“Launch Planning” Session at ProductCamp Sydney 2012

To kick-off the series of voted sessions for ProductCamp Sydney 2012, Nick Coster and Adrienne Tan, the co-founders of Brainmates, facilitated a discussion about the Launch Planning stage of the product lifecycle. Product Managers and Product Marketers alike universally agreed that Launch Planning is one of the most important stages of the product lifecycle, yet there appears to be the highest level of uncertainty and risk of failure at this stage in the product lifecycle.

Does Your Organisation Leave Launch Planning to the End?

Through many of our client projects and anecdotal evidence, we find that many organisations leave Launch Planning to the last stages of the product development process when the product is almost ready to be launched. The discussion group was in agreement with our experience. We all agreed that the rush through the Launch Planning process leads to sub-optimal results and potentially disastrous product launch where the nasty surprises could have been mitigated through planning.

What Does Launch Planning Involve?

The Launch Planning stage is defined as the stage that follows the Market Planning Stage, and should start before the Product Design and Development stages in an ideal world. Adrienne opened up the group discussion by sharing her view that there are essentially three distinct phases of ‘Launch’:

1. Launch Planning – includes the preparation of internal guides, training material and collateral for all client facing roles including sales, customer care, as well as operations and other functions such as legal and regulatory teams.

2. Launch Activities – include running test pilots with sample size (s), alpha/beta releases to representatives of various groups of users – all with the intention of minimising potential risk of product and organisational failure.

3. Launch Event – when the product or feature is integrated into the business and available for the target market to interact with and/or consume.

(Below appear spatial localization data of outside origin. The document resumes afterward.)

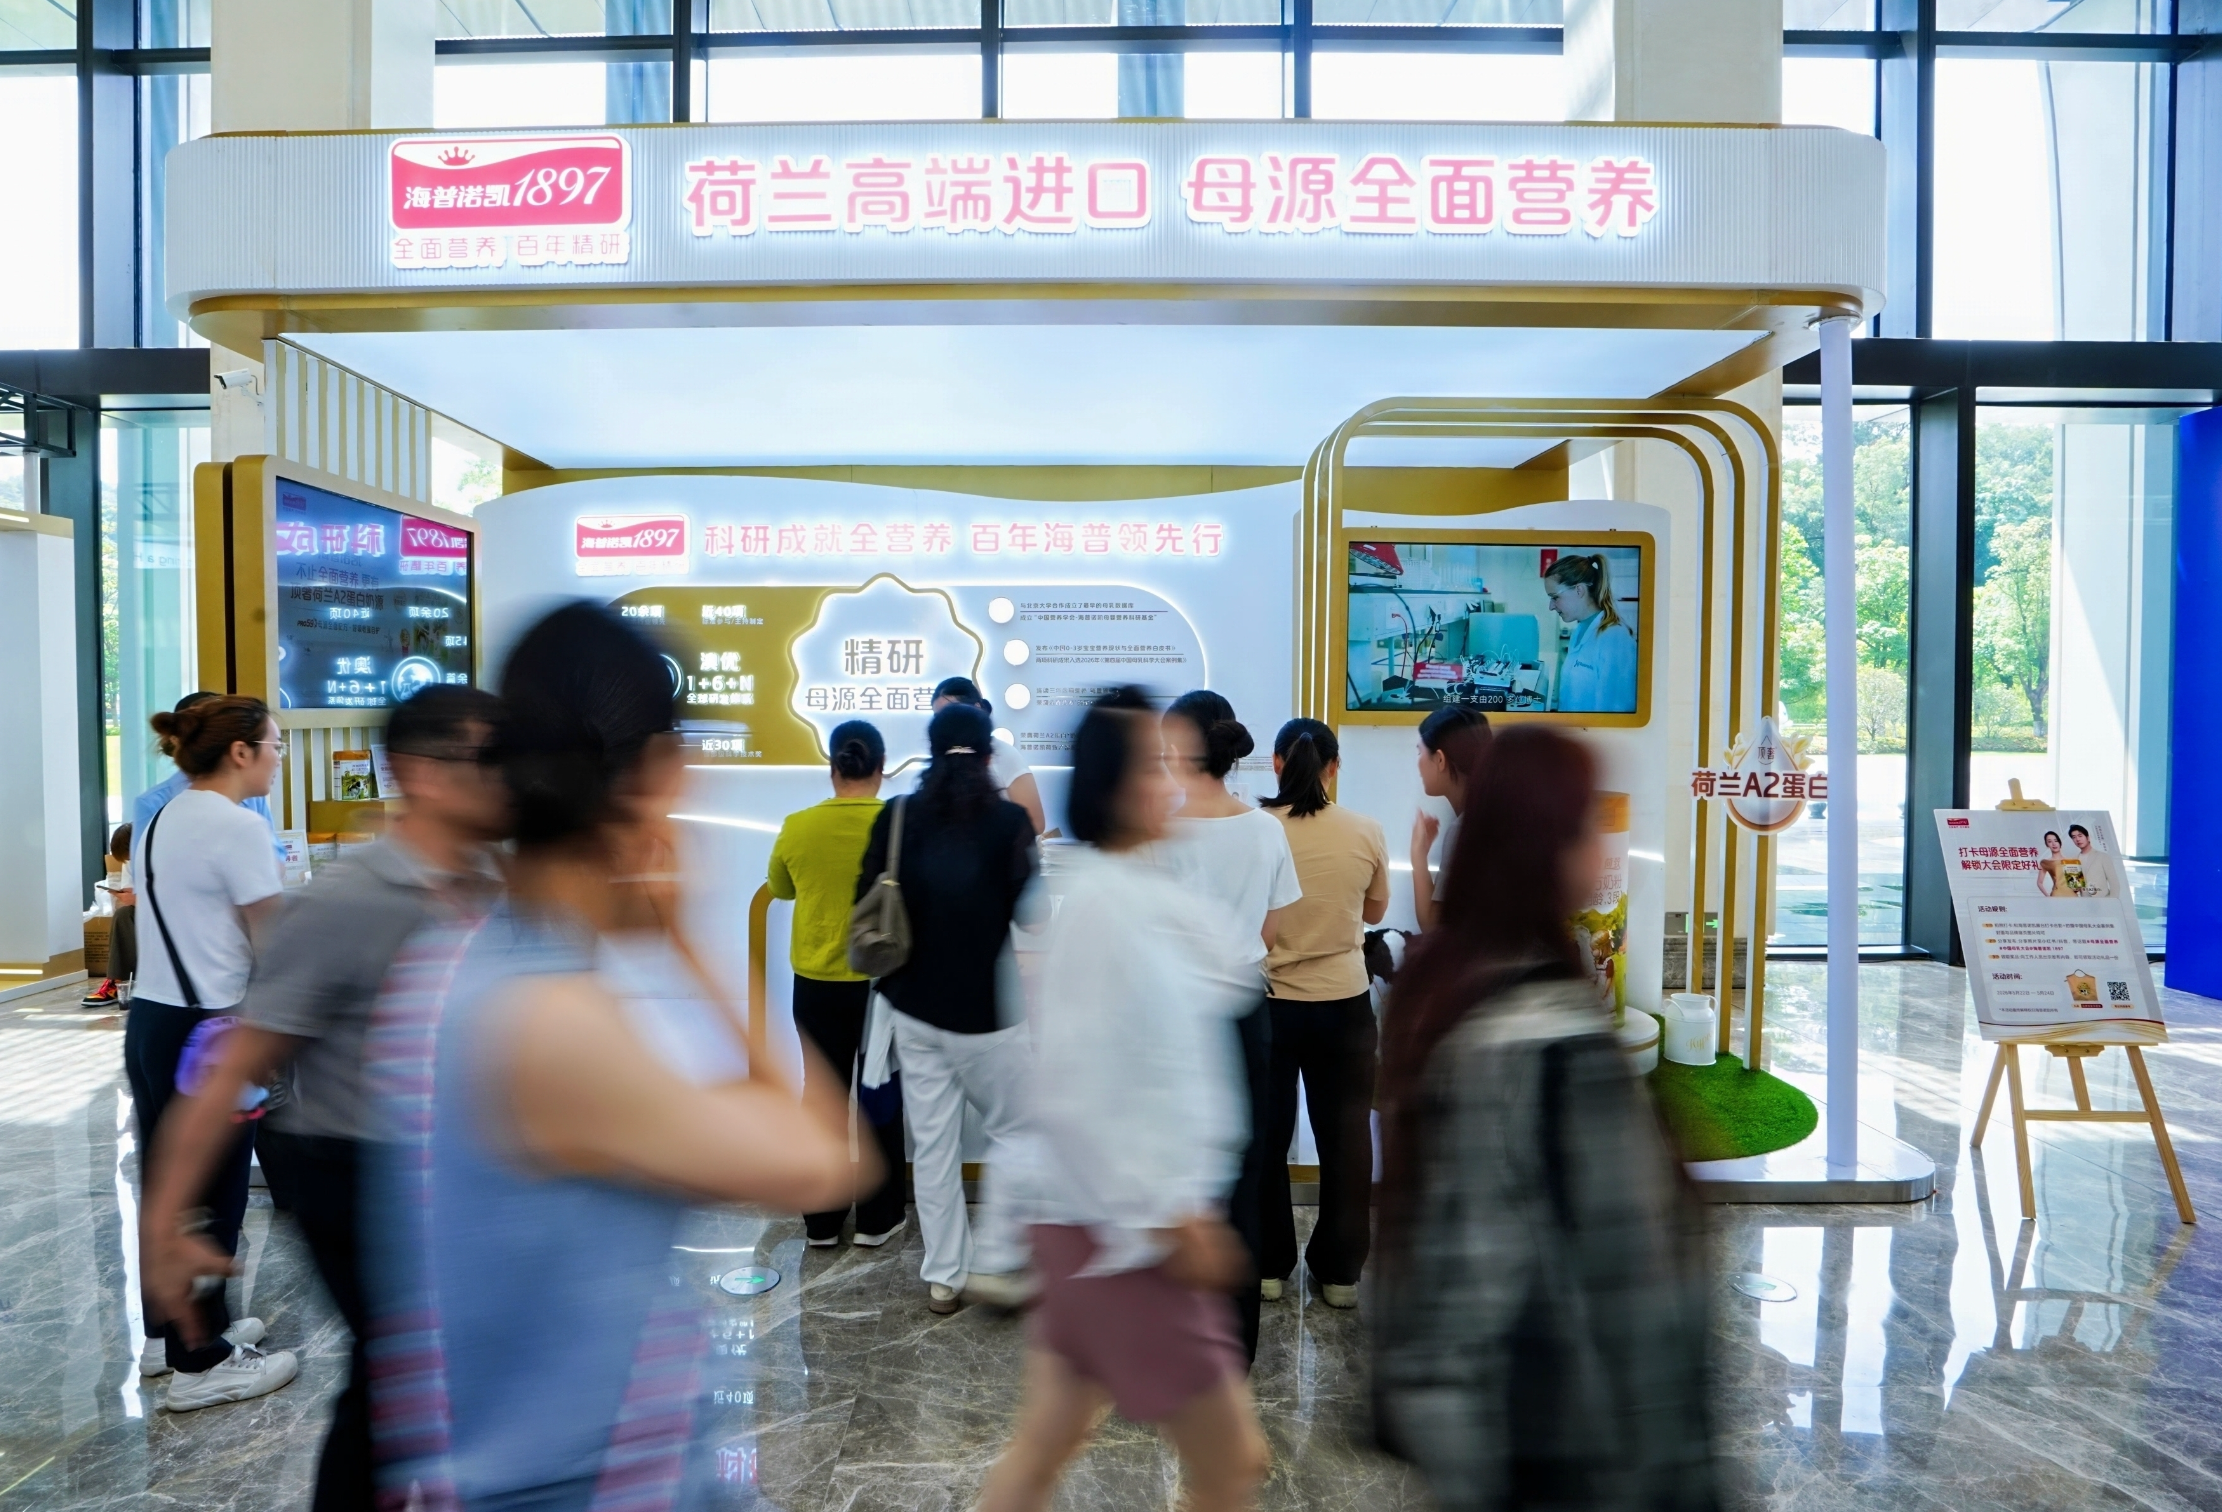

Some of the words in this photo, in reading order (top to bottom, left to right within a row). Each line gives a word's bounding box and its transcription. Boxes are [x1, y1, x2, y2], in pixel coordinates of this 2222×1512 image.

[687, 155, 1148, 229] 荷兰高端进口
[1187, 155, 1656, 229] 母源全面营养
[394, 234, 497, 261] 全面营养
[516, 231, 623, 258] 百年精研
[704, 523, 953, 555] 科研成就全营养
[971, 522, 1224, 555] 百年海普领先行
[702, 604, 747, 618] 近40项
[844, 638, 923, 676] 精研
[1443, 694, 1503, 704] 组建一支由200
[702, 738, 746, 752] 近30项
[1691, 771, 1828, 800] 荷兰A2蛋白
[1958, 846, 2039, 858] 打卡母源全面营养
[1961, 859, 2042, 871] 解锁大会限定好礼

The group debated whether features incrementally introduced to a market in an Agile Development environment are considered to be a ‘Launch Event’ each time, albeit small. The conclusion that we reached was ‘yes’, as long as the product or feature has been integrated, at least nominally by the business and “Launch” ends after the original product objectives have been measured.

Timeline from Ideation to Launch


Don’t Forget These Other Items on Your Launch Checklist

The group weighed in collectively to come up with the following list of activities that get neglected to be included in the Launch Checklist (in no particular order):

  • Developing an Operations Guide
  • Creating and updating a ‘Product Backgrounder’ and any collateral to be shared internally
  • Creating internal alignment
  • Briefing the Call Centre
  • Advising partners up/down the value chain of any anticipated changes
  • Communicating with Legal, Regulatory and Finance Teams
  • Invoicing and Invoice Planning
  • Running Product Operations and Sales Training, including Train-the-Trainer activity to kick-off a viral training within an organisation, particularly for a large customer-facing workforce or multiple channels
  • ‘Disaster’ & Capacity Planning
  • Cleaning up old content and features on digital applications
  • Planning the Grandfathering of redundant products and services
  • Migration planning for in-market products
  • Creating reporting and measurement processes
  • Analysing the reporting results post-launch
  • Summarising ‘Lessons Learnt’
  • Updating your CV with this latest product launch achievement (or to prepare for an quick boot out of your role!)
  • Organising the Launch Party!

Final Thoughts – Start Launch Planning ASAP

The key takeaway from this invaluable discussion is for us all to start the Launch Planning process as soon as possible. It’s not too early to carry it out in parallel with the Product Design and Development Stage. A well-coordinated Launch Plan and subsequent Launch Activities, prior to the Launch Event, starting soon after Market Planning, means decreased risk for your organisation. What more could a Product Manager want: guaranteed higher levels of short term and longer term sustainable successful competitive products that rollout without a hitch, and much less stress!

What have you learnt from past experience when launching a new product or feature? Let us know if you have any other thoughts on what tends to be neglected in the Launch Checklist and we’ll add it to the above list.